Justice Charles Crabbe, Co-chair of CODEO stated that 99% of polling stations, electoral officials respected CODEO observers’ status as Electoral Commission (EC)’s accredited election observers and permitted them to observe the polls. She added only 1% initially had challenges which were quickly and successfully resolved. Preliminary analysis of CODEO PVT observers report on set-up and opening of polls.

“At the time of the set-up, the two, main political parties had their party agents present in almost all polling stations, NDC 99.3%; NPP 99.5% respectively. The presence of party agents of the parties fielding presidential candidates and independent presidential candidate varied from 12.3% to 28.4% of the polling stations while party agents for parties only contesting the parliamentary election were present in 7.3% that of the polling stations” he detailed.
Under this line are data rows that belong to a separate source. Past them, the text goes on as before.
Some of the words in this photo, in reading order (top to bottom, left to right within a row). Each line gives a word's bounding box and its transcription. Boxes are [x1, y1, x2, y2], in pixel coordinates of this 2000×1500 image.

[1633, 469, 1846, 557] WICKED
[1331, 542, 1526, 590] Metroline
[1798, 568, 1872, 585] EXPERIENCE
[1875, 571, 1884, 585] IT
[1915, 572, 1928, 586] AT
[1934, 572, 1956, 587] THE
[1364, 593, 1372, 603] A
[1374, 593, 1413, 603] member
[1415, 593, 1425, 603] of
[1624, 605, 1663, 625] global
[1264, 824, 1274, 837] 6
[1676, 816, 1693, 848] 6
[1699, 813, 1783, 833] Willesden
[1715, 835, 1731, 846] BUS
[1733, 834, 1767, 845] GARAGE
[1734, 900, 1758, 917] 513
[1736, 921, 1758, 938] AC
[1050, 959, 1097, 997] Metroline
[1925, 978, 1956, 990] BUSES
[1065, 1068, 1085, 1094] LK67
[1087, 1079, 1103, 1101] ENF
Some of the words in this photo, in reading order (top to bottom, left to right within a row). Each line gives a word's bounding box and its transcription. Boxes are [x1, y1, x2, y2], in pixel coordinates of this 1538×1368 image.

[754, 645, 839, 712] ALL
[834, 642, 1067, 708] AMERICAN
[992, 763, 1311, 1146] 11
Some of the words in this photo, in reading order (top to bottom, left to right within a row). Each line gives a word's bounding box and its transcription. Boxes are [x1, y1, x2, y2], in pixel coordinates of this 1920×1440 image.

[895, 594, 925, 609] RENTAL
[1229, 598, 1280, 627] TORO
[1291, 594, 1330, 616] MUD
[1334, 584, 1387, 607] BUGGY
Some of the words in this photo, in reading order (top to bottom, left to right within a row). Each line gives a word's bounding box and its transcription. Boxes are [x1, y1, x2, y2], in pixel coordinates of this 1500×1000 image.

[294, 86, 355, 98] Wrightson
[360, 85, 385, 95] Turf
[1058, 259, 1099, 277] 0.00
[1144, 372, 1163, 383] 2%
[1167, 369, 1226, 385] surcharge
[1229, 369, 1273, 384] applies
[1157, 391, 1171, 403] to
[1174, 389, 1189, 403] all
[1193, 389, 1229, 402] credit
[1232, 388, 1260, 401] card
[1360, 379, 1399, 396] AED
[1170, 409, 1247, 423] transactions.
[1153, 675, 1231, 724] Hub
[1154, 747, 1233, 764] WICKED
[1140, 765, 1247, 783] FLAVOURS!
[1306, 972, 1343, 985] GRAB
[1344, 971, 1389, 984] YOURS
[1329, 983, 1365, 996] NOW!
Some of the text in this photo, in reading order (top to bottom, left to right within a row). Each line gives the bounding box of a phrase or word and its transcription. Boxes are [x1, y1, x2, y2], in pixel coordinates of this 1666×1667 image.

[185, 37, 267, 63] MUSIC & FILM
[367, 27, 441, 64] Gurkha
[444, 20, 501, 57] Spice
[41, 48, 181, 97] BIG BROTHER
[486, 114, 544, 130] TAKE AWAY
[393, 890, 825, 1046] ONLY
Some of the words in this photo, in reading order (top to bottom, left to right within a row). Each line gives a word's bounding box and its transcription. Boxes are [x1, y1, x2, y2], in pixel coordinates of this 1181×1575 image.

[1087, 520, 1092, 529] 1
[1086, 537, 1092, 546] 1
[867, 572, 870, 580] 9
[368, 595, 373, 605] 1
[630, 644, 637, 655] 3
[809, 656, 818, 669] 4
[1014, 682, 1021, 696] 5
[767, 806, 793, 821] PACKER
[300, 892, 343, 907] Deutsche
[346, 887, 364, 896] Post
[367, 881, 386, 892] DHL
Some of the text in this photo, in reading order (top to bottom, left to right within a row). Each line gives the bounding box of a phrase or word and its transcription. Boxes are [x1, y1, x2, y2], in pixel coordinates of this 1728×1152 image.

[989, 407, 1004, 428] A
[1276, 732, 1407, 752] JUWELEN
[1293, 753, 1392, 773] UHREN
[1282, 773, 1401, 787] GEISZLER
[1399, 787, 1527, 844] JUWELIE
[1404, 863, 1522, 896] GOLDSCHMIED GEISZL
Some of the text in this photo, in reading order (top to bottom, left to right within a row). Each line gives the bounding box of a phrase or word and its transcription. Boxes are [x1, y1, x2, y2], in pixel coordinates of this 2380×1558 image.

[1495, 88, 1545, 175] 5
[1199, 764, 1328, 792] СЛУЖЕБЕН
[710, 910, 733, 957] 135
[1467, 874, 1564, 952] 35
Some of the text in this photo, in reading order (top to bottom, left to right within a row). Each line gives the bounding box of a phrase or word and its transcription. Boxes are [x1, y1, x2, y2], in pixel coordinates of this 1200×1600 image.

Prof. Miranda Greenstreet, Co-chiar of CODEO further went on to give percentages of voting proceedings in the various districts observed by PVT observers. She listed the percentage of stamped ballot papers, failed biometric machines in some regions, the percentage of people who were not rejected by the biometric device and those who with valid ID cards had their finger prints rejected by the BVD, percentage of people marked with indelible ink among others.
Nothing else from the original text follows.